Would you please repeat exactly the lines from the one containing "this 1600×1067 image." to the end of the records, both included, and leave out the rest?
★ ★ ★ ★ ★
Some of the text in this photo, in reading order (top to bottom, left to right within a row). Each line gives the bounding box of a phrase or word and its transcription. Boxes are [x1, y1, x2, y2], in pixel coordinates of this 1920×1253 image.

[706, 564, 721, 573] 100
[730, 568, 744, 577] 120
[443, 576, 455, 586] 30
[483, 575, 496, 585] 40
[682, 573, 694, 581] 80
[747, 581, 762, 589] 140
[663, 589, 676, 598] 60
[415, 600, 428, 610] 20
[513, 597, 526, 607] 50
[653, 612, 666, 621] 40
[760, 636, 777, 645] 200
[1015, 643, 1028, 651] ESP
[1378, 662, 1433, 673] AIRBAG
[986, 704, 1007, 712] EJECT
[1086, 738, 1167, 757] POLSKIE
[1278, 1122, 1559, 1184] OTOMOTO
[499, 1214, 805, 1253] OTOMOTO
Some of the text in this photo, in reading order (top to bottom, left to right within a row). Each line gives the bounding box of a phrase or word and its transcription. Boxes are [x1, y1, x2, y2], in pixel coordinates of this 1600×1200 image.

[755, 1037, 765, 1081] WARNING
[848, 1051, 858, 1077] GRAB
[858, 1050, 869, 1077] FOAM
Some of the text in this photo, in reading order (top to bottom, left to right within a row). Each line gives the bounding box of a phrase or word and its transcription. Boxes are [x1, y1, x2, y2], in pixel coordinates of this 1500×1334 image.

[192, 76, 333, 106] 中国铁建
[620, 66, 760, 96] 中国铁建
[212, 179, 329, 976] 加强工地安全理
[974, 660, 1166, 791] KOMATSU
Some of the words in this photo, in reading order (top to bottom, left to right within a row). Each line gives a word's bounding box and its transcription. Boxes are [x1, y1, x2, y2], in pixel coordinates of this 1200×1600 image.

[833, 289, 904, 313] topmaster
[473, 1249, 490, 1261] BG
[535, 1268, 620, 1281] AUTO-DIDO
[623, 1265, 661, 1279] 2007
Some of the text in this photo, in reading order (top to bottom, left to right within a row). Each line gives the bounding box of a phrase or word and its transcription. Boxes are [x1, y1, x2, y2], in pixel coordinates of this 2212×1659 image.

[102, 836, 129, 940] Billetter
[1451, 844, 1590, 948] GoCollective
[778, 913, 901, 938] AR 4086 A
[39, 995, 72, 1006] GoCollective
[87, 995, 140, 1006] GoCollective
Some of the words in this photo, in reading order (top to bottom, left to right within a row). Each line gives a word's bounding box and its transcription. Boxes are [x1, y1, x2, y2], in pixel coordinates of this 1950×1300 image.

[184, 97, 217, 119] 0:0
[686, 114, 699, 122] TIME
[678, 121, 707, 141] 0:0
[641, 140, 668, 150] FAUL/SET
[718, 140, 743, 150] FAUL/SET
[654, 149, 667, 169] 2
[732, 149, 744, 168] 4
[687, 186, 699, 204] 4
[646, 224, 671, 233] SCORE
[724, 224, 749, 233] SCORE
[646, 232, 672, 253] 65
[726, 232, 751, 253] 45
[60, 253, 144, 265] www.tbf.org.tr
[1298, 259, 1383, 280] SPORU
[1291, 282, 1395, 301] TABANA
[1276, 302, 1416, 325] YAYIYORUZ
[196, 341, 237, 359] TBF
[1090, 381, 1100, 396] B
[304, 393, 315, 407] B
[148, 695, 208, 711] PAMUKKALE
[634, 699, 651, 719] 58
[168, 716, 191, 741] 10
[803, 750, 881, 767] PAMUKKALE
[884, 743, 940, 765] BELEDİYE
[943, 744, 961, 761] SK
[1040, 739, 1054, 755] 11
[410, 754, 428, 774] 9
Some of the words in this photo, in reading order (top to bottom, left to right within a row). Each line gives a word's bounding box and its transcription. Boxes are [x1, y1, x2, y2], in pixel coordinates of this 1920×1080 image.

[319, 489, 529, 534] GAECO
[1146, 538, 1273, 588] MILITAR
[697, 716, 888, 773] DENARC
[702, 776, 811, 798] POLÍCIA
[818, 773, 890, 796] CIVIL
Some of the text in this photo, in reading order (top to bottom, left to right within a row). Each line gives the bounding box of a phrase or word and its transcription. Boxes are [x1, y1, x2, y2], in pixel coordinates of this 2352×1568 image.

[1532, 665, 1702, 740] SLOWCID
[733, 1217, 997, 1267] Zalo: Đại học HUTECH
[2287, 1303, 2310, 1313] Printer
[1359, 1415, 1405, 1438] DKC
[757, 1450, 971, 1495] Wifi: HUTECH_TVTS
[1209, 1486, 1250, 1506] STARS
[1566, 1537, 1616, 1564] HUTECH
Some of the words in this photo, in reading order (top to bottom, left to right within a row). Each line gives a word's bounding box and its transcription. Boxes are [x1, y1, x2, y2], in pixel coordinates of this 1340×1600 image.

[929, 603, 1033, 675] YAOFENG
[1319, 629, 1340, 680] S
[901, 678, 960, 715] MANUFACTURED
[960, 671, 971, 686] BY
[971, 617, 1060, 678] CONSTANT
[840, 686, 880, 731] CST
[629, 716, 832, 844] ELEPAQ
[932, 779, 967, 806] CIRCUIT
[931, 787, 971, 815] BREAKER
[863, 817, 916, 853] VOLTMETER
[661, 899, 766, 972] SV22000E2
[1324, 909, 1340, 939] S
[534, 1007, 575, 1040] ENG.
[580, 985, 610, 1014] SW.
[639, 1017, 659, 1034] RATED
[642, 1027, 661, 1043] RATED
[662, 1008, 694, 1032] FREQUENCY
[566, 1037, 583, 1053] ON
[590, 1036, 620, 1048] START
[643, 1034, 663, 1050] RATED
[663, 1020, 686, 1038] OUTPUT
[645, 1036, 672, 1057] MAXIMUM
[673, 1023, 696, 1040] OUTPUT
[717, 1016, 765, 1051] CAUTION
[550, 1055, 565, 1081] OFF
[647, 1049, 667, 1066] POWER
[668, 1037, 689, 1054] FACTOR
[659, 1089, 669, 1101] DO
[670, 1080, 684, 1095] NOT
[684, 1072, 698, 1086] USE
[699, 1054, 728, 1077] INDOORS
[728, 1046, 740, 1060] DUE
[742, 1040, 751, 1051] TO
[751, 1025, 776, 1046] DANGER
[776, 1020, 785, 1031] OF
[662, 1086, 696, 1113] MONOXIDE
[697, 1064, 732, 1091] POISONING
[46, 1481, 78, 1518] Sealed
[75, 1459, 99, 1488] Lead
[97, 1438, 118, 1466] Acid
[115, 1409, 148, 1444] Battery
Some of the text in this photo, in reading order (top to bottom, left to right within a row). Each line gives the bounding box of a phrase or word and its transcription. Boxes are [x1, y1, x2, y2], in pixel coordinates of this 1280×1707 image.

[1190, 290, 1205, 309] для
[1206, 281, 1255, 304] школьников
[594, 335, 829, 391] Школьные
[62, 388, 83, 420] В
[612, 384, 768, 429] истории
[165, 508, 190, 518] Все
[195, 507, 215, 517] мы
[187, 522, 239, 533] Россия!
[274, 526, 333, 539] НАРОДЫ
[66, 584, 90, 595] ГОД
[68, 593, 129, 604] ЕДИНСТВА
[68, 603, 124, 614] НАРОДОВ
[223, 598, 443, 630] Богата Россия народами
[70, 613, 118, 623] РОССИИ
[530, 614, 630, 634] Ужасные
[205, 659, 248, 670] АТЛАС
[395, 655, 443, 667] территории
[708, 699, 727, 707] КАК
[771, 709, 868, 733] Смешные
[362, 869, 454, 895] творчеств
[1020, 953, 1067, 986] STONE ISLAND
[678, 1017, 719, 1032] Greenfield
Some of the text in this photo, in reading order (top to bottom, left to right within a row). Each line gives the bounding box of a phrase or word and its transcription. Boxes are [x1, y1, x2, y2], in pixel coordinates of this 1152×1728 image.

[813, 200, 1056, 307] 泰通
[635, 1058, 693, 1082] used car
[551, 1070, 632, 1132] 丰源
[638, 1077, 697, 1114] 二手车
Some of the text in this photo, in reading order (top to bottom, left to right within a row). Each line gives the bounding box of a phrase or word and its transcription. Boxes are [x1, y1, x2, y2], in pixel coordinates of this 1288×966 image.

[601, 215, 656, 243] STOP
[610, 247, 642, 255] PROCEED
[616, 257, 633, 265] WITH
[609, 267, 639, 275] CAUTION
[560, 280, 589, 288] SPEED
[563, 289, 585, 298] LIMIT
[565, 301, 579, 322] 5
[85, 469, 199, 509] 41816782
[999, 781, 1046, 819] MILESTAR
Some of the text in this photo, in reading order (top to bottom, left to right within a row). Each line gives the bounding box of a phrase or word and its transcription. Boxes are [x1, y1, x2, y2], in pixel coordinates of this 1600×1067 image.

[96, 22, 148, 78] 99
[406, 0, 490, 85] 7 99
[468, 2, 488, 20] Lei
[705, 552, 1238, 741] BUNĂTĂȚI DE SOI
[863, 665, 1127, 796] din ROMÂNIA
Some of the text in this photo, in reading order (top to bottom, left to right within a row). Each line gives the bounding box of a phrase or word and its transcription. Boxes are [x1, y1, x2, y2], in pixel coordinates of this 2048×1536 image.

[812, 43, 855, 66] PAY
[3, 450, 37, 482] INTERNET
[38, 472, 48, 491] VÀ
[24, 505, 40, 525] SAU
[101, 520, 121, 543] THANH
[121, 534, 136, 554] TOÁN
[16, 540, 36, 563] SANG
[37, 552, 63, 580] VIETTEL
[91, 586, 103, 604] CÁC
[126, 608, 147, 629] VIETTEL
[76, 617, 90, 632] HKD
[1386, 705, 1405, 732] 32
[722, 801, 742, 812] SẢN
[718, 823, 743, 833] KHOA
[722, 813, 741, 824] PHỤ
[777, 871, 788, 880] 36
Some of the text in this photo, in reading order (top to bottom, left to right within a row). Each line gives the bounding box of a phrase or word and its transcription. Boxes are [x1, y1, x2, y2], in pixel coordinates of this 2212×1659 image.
★ ★ ★ ★ ★
* Written answer
Some of the text in this photo, in reading order (top to bottom, left to right within a row). Each line gives the bounding box of a phrase or word and its transcription. Boxes are [x1, y1, x2, y2], in pixel coordinates of this 1600×1067 image.

[96, 22, 148, 78] 99
[406, 0, 490, 85] 7 99
[468, 2, 488, 20] Lei
[705, 552, 1238, 741] BUNĂTĂȚI DE SOI
[863, 665, 1127, 796] din ROMÂNIA
Some of the text in this photo, in reading order (top to bottom, left to right within a row). Each line gives the bounding box of a phrase or word and its transcription. Boxes are [x1, y1, x2, y2], in pixel coordinates of this 2048×1536 image.

[812, 43, 855, 66] PAY
[3, 450, 37, 482] INTERNET
[38, 472, 48, 491] VÀ
[24, 505, 40, 525] SAU
[101, 520, 121, 543] THANH
[121, 534, 136, 554] TOÁN
[16, 540, 36, 563] SANG
[37, 552, 63, 580] VIETTEL
[91, 586, 103, 604] CÁC
[126, 608, 147, 629] VIETTEL
[76, 617, 90, 632] HKD
[1386, 705, 1405, 732] 32
[722, 801, 742, 812] SẢN
[718, 823, 743, 833] KHOA
[722, 813, 741, 824] PHỤ
[777, 871, 788, 880] 36
Some of the text in this photo, in reading order (top to bottom, left to right within a row). Each line gives the bounding box of a phrase or word and its transcription. Boxes are [x1, y1, x2, y2], in pixel coordinates of this 2212×1659 image.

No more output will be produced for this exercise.